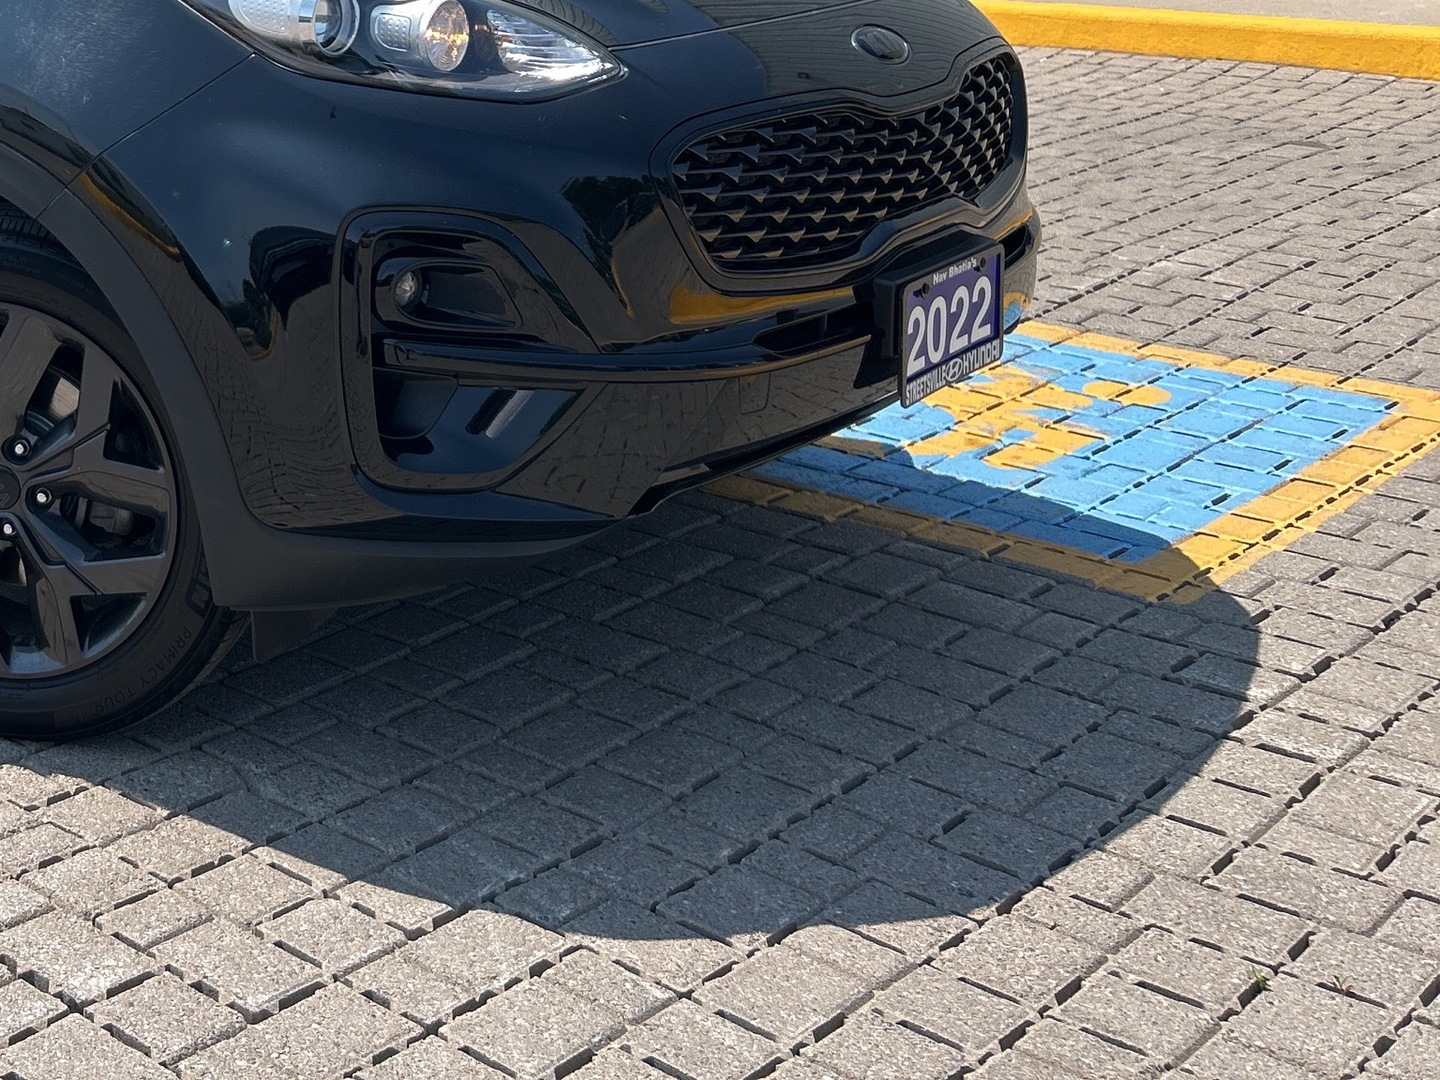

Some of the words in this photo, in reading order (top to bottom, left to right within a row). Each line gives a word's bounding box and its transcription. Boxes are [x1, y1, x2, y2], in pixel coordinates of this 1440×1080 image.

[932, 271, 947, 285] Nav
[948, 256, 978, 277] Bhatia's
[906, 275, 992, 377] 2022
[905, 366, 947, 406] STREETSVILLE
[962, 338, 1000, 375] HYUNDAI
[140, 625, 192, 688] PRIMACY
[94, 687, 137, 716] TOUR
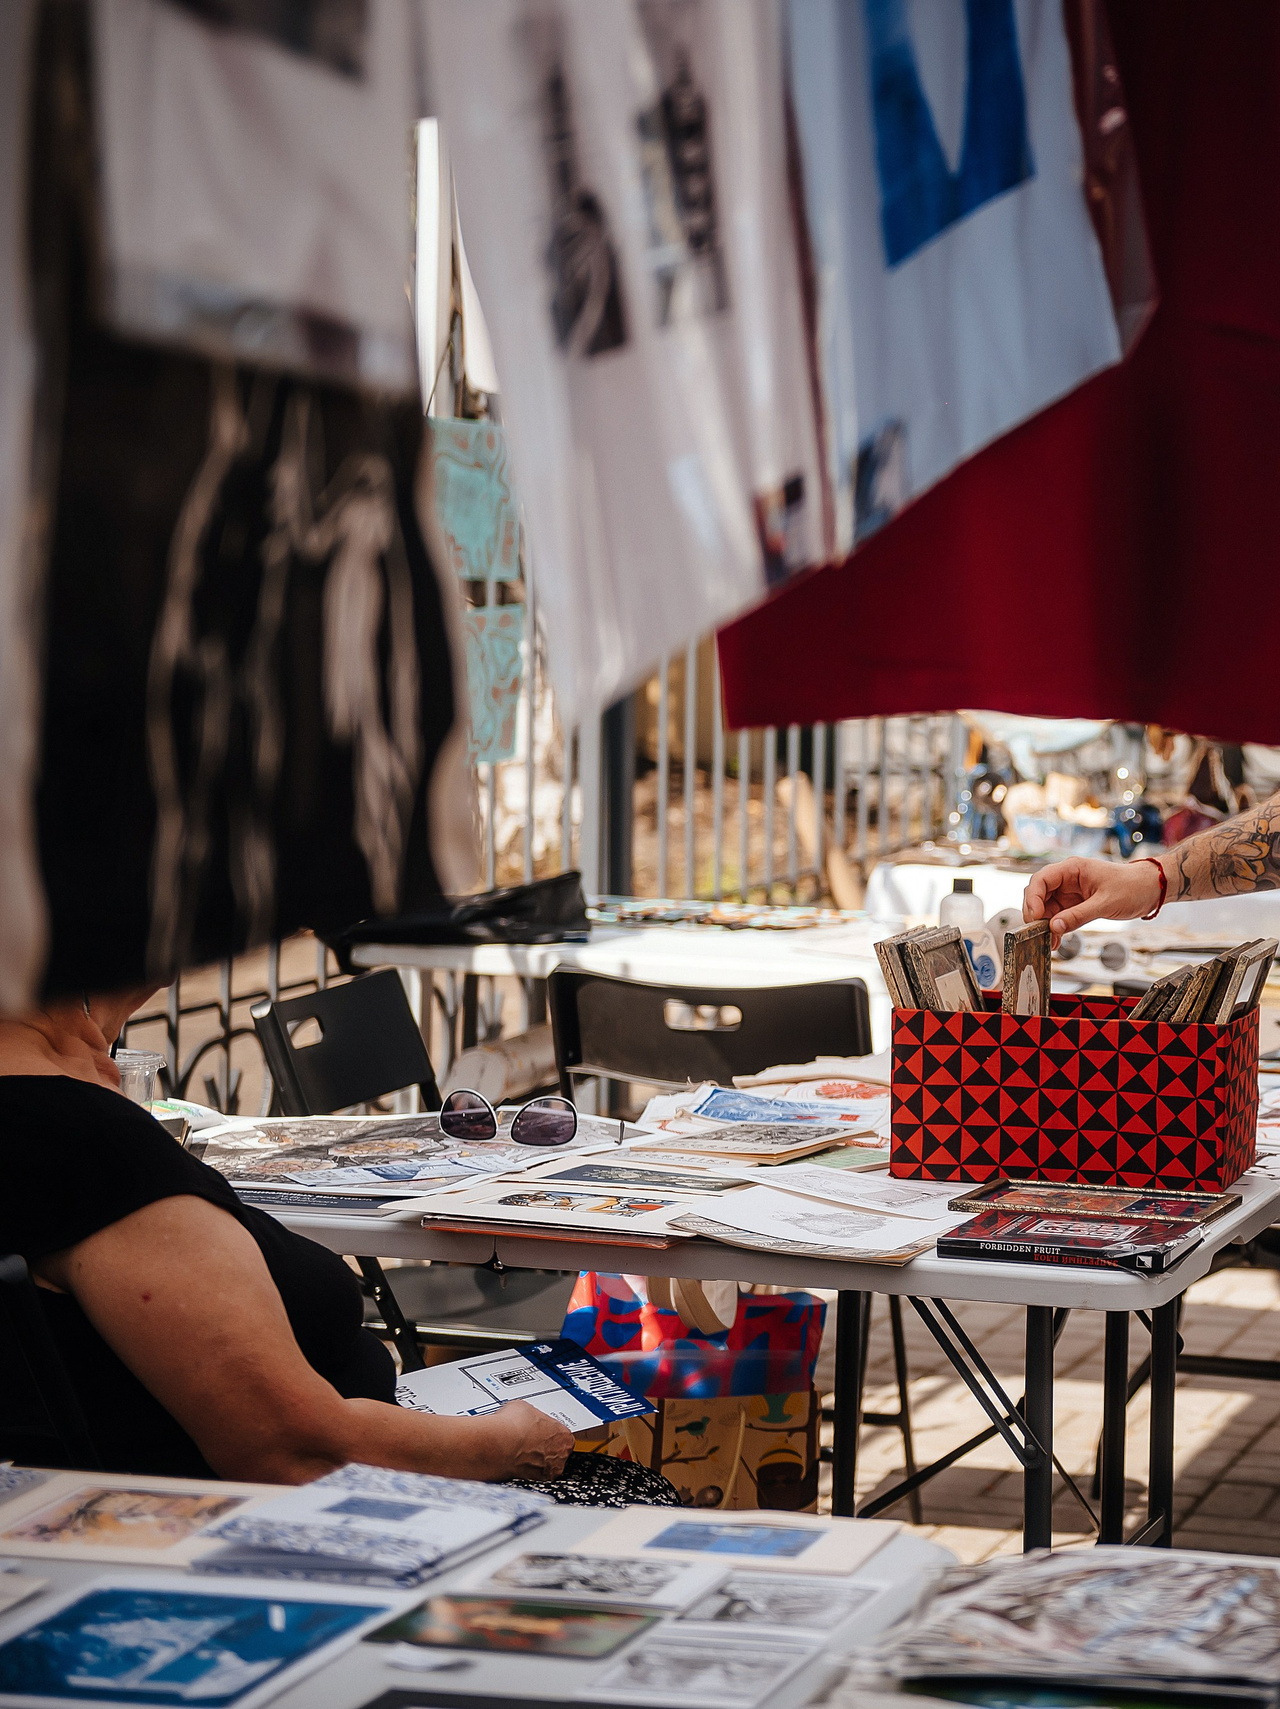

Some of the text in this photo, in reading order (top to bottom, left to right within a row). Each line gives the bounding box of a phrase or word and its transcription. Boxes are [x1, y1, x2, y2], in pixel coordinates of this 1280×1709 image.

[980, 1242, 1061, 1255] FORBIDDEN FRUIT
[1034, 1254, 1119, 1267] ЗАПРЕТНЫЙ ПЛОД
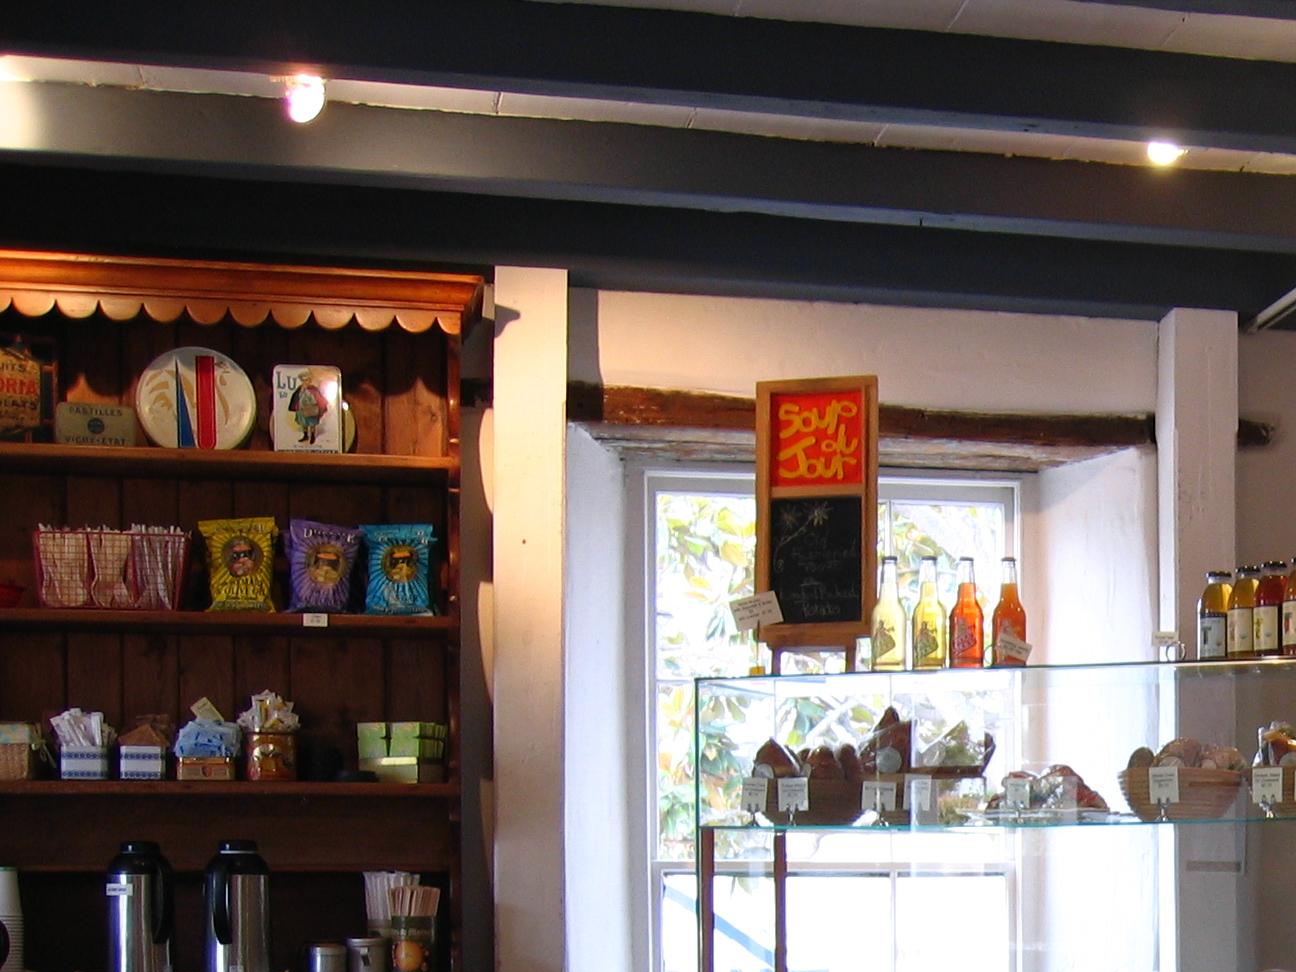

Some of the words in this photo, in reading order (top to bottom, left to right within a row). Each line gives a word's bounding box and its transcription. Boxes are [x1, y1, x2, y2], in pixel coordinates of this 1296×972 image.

**YOUR TASK:** The answer should match the data above word for word, with no pictures in it.

**RESPONSE AREA:**
Some of the words in this photo, in reading order (top to bottom, left to right within a row). Each line gives a word's bounding box and its transcription. Boxes are [x1, y1, x2, y2], in pixel coordinates of this 1440×1080 image.

[932, 271, 947, 285] Nav
[948, 256, 978, 277] Bhatia's
[906, 275, 992, 377] 2022
[905, 366, 947, 406] STREETSVILLE
[962, 338, 1000, 375] HYUNDAI
[140, 625, 192, 688] PRIMACY
[94, 687, 137, 716] TOUR

Some of the text in this photo, in reading order (top to bottom, left to right within a row). Each line gives the bounding box of a phrase or word and its transcription. Boxes are [x1, y1, x2, y2], in pixel coordinates of this 1280×1709 image.

[980, 1242, 1061, 1255] FORBIDDEN FRUIT
[1034, 1254, 1119, 1267] ЗАПРЕТНЫЙ ПЛОД

Some of the words in this photo, in reading order (top to bottom, left to right within a row). Each line gives a word's bounding box and its transcription. Boxes are [x1, y1, x2, y2], in pixel coordinates of this 1296×972 image.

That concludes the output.